## Task to complete
Transcribe all the entries word for word, but omit the images.

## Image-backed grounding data
-- Opening Marker --
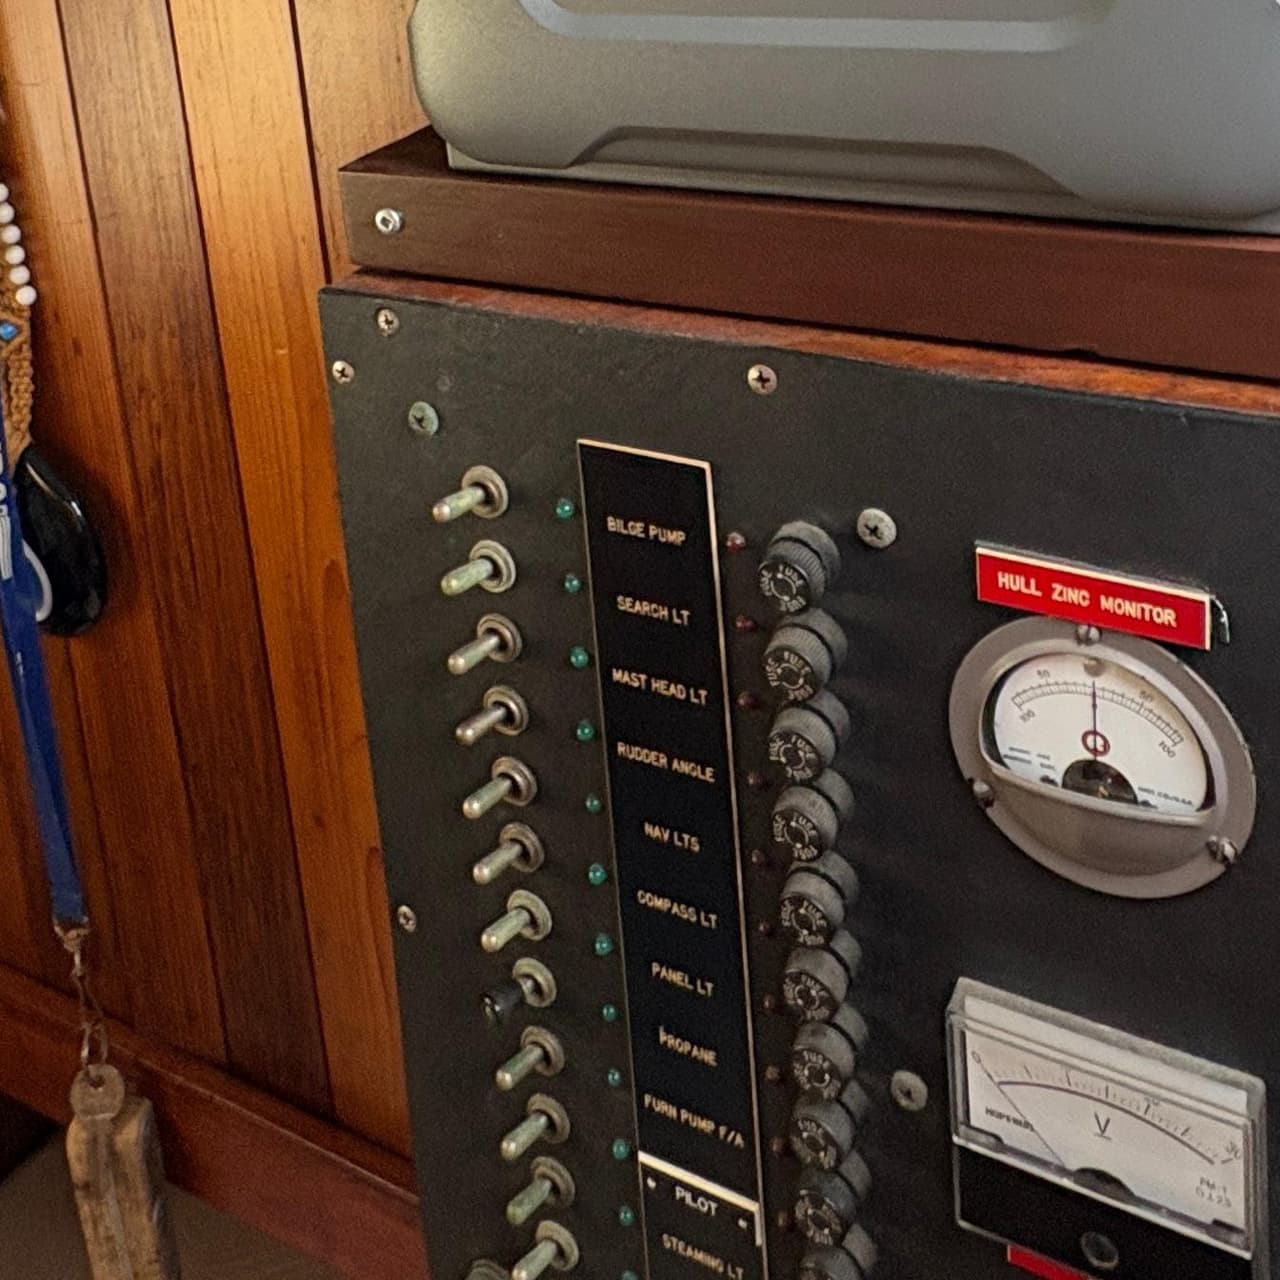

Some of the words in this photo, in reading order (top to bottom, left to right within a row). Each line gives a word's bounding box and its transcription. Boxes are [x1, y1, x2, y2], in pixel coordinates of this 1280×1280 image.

[607, 516, 645, 538] BILGE
[649, 524, 686, 547] PUMP
[616, 595, 669, 621] SEARCH
[672, 608, 691, 626] LT
[997, 571, 1043, 597] HULL
[1051, 583, 1090, 607] ZINC
[1099, 595, 1178, 628] MONITOR
[612, 668, 648, 691] MAST
[651, 677, 686, 700] HEAD
[690, 687, 708, 706] LT
[617, 742, 669, 769] RUDDER
[672, 757, 716, 783] ANGLE
[644, 821, 670, 843] NAV
[673, 831, 701, 853] LTS
[637, 889, 697, 923] COMPASS
[700, 912, 718, 929] LT
[651, 962, 694, 991] PANEL
[696, 979, 714, 998] LT
[658, 1024, 718, 1067] PROPANE
[680, 1108, 716, 1135] PUMP
[675, 1186, 719, 1216] PILOT
[662, 1232, 725, 1273] STEAMING
[727, 1262, 744, 1280] LT
-- Closing Marker --
## Reply
Some of the words in this photo, in reading order (top to bottom, left to right within a row). Each line gives a word's bounding box and its transcription. Boxes are [x1, y1, x2, y2], in pixel coordinates of this 1280×1280 image.

[607, 516, 645, 538] BILGE
[649, 524, 686, 547] PUMP
[616, 595, 669, 621] SEARCH
[672, 608, 691, 626] LT
[997, 571, 1043, 597] HULL
[1051, 583, 1090, 607] ZINC
[1099, 595, 1178, 628] MONITOR
[612, 668, 648, 691] MAST
[651, 677, 686, 700] HEAD
[690, 687, 708, 706] LT
[617, 742, 669, 769] RUDDER
[672, 757, 716, 783] ANGLE
[644, 821, 670, 843] NAV
[673, 831, 701, 853] LTS
[637, 889, 697, 923] COMPASS
[700, 912, 718, 929] LT
[651, 962, 694, 991] PANEL
[696, 979, 714, 998] LT
[658, 1024, 718, 1067] PROPANE
[680, 1108, 716, 1135] PUMP
[675, 1186, 719, 1216] PILOT
[662, 1232, 725, 1273] STEAMING
[727, 1262, 744, 1280] LT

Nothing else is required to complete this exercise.